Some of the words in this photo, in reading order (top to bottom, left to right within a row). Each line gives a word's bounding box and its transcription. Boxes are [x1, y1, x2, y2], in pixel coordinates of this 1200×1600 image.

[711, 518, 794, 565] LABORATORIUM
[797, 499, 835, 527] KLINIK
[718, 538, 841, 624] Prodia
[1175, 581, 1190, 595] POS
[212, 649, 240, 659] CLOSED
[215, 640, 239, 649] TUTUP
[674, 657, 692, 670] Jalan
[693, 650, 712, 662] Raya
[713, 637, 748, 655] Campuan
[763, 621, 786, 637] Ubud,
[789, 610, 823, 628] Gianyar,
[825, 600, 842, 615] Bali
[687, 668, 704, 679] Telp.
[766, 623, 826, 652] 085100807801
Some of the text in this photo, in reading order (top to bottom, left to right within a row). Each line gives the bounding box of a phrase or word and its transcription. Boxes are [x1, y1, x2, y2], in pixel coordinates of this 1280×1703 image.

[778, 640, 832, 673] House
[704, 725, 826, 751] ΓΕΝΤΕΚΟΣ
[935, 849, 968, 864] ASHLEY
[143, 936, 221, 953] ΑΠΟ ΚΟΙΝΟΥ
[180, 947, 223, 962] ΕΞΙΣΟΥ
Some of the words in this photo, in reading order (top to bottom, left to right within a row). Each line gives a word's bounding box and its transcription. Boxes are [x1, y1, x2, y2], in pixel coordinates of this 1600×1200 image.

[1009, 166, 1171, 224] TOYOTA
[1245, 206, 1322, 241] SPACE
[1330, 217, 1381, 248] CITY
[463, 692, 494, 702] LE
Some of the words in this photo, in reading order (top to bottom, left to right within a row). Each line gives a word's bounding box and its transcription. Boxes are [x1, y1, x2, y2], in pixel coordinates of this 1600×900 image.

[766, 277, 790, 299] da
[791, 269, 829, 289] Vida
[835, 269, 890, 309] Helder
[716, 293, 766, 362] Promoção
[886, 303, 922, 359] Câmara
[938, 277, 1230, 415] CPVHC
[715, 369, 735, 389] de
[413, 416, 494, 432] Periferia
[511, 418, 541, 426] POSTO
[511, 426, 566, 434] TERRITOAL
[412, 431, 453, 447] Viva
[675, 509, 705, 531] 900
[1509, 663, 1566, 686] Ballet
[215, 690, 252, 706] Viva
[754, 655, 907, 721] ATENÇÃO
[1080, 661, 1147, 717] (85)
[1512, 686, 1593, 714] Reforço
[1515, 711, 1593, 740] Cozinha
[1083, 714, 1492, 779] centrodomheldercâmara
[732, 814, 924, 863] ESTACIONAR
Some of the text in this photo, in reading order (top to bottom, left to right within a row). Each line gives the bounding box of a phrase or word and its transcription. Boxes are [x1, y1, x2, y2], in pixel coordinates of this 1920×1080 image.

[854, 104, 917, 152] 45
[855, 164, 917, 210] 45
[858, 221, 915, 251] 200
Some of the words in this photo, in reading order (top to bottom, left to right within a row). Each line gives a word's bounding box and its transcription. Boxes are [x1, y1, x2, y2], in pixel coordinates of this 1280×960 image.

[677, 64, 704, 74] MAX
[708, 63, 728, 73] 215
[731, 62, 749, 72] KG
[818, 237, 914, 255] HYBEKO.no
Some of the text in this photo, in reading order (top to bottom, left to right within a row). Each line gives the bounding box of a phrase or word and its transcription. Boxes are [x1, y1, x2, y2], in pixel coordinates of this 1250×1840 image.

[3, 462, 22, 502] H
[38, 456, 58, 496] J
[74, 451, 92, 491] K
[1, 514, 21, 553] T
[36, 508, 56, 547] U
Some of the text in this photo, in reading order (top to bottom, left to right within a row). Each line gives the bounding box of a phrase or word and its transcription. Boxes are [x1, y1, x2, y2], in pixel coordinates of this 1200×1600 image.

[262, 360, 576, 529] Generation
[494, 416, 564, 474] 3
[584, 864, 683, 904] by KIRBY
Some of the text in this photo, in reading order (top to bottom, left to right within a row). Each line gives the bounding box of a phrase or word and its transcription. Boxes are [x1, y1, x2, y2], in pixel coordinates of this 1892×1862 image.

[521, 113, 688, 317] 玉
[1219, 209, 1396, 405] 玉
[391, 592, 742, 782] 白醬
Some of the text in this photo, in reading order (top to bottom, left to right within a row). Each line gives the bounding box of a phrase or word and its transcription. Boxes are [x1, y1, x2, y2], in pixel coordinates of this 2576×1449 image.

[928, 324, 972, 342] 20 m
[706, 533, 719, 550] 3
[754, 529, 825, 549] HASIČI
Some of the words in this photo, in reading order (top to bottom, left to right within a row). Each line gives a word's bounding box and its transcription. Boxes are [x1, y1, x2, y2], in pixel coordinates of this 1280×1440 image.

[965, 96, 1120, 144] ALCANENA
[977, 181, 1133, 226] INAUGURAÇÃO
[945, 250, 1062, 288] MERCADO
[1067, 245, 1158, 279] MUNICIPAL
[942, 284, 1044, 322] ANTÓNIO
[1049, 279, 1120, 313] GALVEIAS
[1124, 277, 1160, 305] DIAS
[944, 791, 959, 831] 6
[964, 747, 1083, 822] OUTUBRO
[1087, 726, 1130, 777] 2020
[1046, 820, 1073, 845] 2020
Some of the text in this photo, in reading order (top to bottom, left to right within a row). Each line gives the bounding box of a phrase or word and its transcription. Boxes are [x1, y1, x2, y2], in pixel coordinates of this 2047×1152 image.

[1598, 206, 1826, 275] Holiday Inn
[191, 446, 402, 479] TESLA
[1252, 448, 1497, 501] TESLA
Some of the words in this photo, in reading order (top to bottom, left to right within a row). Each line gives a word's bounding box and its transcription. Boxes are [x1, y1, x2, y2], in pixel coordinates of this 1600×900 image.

************

-- Your task --
A verbatim version of the complete listing above is to be returned.

-- Output for this task --
Some of the words in this photo, in reading order (top to bottom, left to right within a row). Each line gives a word's bounding box and its transcription. Boxes are [x1, y1, x2, y2], in pixel coordinates of this 1200×1600 image.

[711, 518, 794, 565] LABORATORIUM
[797, 499, 835, 527] KLINIK
[718, 538, 841, 624] Prodia
[1175, 581, 1190, 595] POS
[212, 649, 240, 659] CLOSED
[215, 640, 239, 649] TUTUP
[674, 657, 692, 670] Jalan
[693, 650, 712, 662] Raya
[713, 637, 748, 655] Campuan
[763, 621, 786, 637] Ubud,
[789, 610, 823, 628] Gianyar,
[825, 600, 842, 615] Bali
[687, 668, 704, 679] Telp.
[766, 623, 826, 652] 085100807801
Some of the text in this photo, in reading order (top to bottom, left to right within a row). Each line gives the bounding box of a phrase or word and its transcription. Boxes are [x1, y1, x2, y2], in pixel coordinates of this 1280×1703 image.

[778, 640, 832, 673] House
[704, 725, 826, 751] ΓΕΝΤΕΚΟΣ
[935, 849, 968, 864] ASHLEY
[143, 936, 221, 953] ΑΠΟ ΚΟΙΝΟΥ
[180, 947, 223, 962] ΕΞΙΣΟΥ
Some of the words in this photo, in reading order (top to bottom, left to right within a row). Each line gives a word's bounding box and its transcription. Boxes are [x1, y1, x2, y2], in pixel coordinates of this 1600×1200 image.

[1009, 166, 1171, 224] TOYOTA
[1245, 206, 1322, 241] SPACE
[1330, 217, 1381, 248] CITY
[463, 692, 494, 702] LE
Some of the words in this photo, in reading order (top to bottom, left to right within a row). Each line gives a word's bounding box and its transcription. Boxes are [x1, y1, x2, y2], in pixel coordinates of this 1600×900 image.

[766, 277, 790, 299] da
[791, 269, 829, 289] Vida
[835, 269, 890, 309] Helder
[716, 293, 766, 362] Promoção
[886, 303, 922, 359] Câmara
[938, 277, 1230, 415] CPVHC
[715, 369, 735, 389] de
[413, 416, 494, 432] Periferia
[511, 418, 541, 426] POSTO
[511, 426, 566, 434] TERRITOAL
[412, 431, 453, 447] Viva
[675, 509, 705, 531] 900
[1509, 663, 1566, 686] Ballet
[215, 690, 252, 706] Viva
[754, 655, 907, 721] ATENÇÃO
[1080, 661, 1147, 717] (85)
[1512, 686, 1593, 714] Reforço
[1515, 711, 1593, 740] Cozinha
[1083, 714, 1492, 779] centrodomheldercâmara
[732, 814, 924, 863] ESTACIONAR
Some of the text in this photo, in reading order (top to bottom, left to right within a row). Each line gives the bounding box of a phrase or word and its transcription. Boxes are [x1, y1, x2, y2], in pixel coordinates of this 1920×1080 image.

[854, 104, 917, 152] 45
[855, 164, 917, 210] 45
[858, 221, 915, 251] 200
Some of the words in this photo, in reading order (top to bottom, left to right within a row). Each line gives a word's bounding box and its transcription. Boxes are [x1, y1, x2, y2], in pixel coordinates of this 1280×960 image.

[677, 64, 704, 74] MAX
[708, 63, 728, 73] 215
[731, 62, 749, 72] KG
[818, 237, 914, 255] HYBEKO.no
Some of the text in this photo, in reading order (top to bottom, left to right within a row). Each line gives the bounding box of a phrase or word and its transcription. Boxes are [x1, y1, x2, y2], in pixel coordinates of this 1250×1840 image.

[3, 462, 22, 502] H
[38, 456, 58, 496] J
[74, 451, 92, 491] K
[1, 514, 21, 553] T
[36, 508, 56, 547] U
Some of the text in this photo, in reading order (top to bottom, left to right within a row). Each line gives the bounding box of a phrase or word and its transcription. Boxes are [x1, y1, x2, y2], in pixel coordinates of this 1200×1600 image.

[262, 360, 576, 529] Generation
[494, 416, 564, 474] 3
[584, 864, 683, 904] by KIRBY
Some of the text in this photo, in reading order (top to bottom, left to right within a row). Each line gives the bounding box of a phrase or word and its transcription. Boxes are [x1, y1, x2, y2], in pixel coordinates of this 1892×1862 image.

[521, 113, 688, 317] 玉
[1219, 209, 1396, 405] 玉
[391, 592, 742, 782] 白醬
Some of the text in this photo, in reading order (top to bottom, left to right within a row). Each line gives the bounding box of a phrase or word and its transcription. Boxes are [x1, y1, x2, y2], in pixel coordinates of this 2576×1449 image.

[928, 324, 972, 342] 20 m
[706, 533, 719, 550] 3
[754, 529, 825, 549] HASIČI
Some of the words in this photo, in reading order (top to bottom, left to right within a row). Each line gives a word's bounding box and its transcription. Boxes are [x1, y1, x2, y2], in pixel coordinates of this 1280×1440 image.

[965, 96, 1120, 144] ALCANENA
[977, 181, 1133, 226] INAUGURAÇÃO
[945, 250, 1062, 288] MERCADO
[1067, 245, 1158, 279] MUNICIPAL
[942, 284, 1044, 322] ANTÓNIO
[1049, 279, 1120, 313] GALVEIAS
[1124, 277, 1160, 305] DIAS
[944, 791, 959, 831] 6
[964, 747, 1083, 822] OUTUBRO
[1087, 726, 1130, 777] 2020
[1046, 820, 1073, 845] 2020
Some of the text in this photo, in reading order (top to bottom, left to right within a row). Each line gives the bounding box of a phrase or word and its transcription. Boxes are [x1, y1, x2, y2], in pixel coordinates of this 2047×1152 image.

[1598, 206, 1826, 275] Holiday Inn
[191, 446, 402, 479] TESLA
[1252, 448, 1497, 501] TESLA
Some of the words in this photo, in reading order (top to bottom, left to right within a row). Each line gives a word's bounding box and its transcription. Boxes are [x1, y1, x2, y2], in pixel coordinates of this 1600×900 image.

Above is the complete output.